FamilySearch.org—the world’s largest repository of genealogical records–has some exciting indexing projects of significant historic French records, including the 1891 Toulouse Census. It is looking for online volunteers who speak both French and English to help make these records easily searchable online. Go to the FamilySearch indexing home page to find out how to help.
There are four great French indexing projects of interest currently underway. These include; 1) the 1891 Toulouse census (13% indexed); 2) a portion of the parish records of the Coutance and Avranches Dioceses from 1796 to 1880 (69% indexed); 3) the French Protestant registers from 1564 to 1907 (99% indexed); and 4) the 1872 Toulouse Census (0% indexed). The parish registers of the Dioceses of Quimper and Leon from 1772 to 1909 are completely indexed, and these names are therefore searchable on the FamilySearch site.

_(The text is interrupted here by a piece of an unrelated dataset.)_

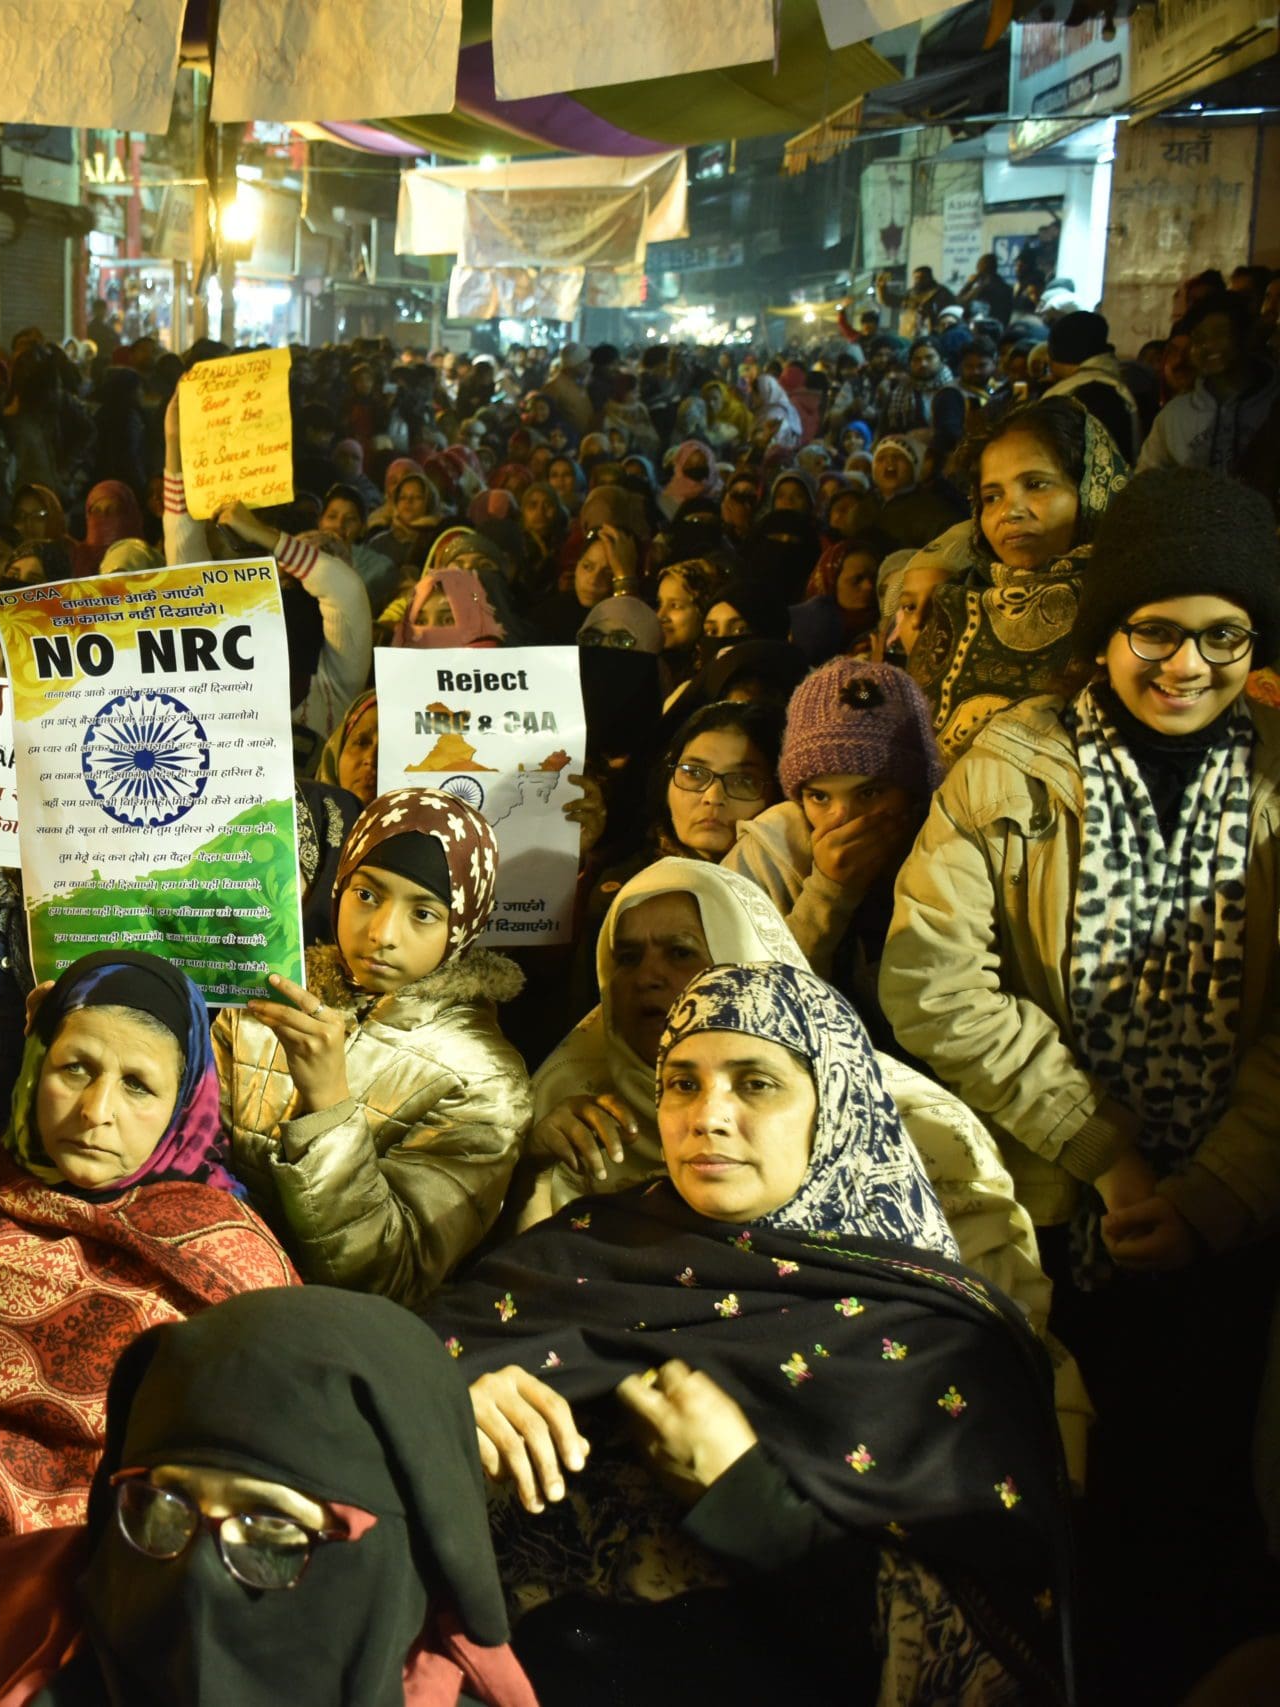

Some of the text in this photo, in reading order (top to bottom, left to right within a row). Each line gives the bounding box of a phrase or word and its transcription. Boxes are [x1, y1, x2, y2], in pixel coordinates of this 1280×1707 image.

The Toulouse censuses are very important in French genealogy because of Toulouse’s location as a center of a vast population movement during the Industrial Revolution by bringing the people of the rural areas and other parts of Europe to the great cities of France to find a better life. The construction of the Matabiau Railroad Station in 1856 further enhanced this movement by connecting Toulouse with the other great cities of France, including Paris. The 1872 census is especially important because this is the only census that asked the where all the people in the city came from, thus giving researchers the information they need to trace their ancestors.
FamilySearch is constantly expanding its international indexing projects. Recently, FamilySearch held a world-wide indexing event with the goal of mobilizing 50,000 volunteer indexers in one 24-hour day. The project was a great success, engaging 66,500 online volunteers to help.
More than a billion records are now searchable online at FamilySearch.org by volunteers since 2006—and at no cost.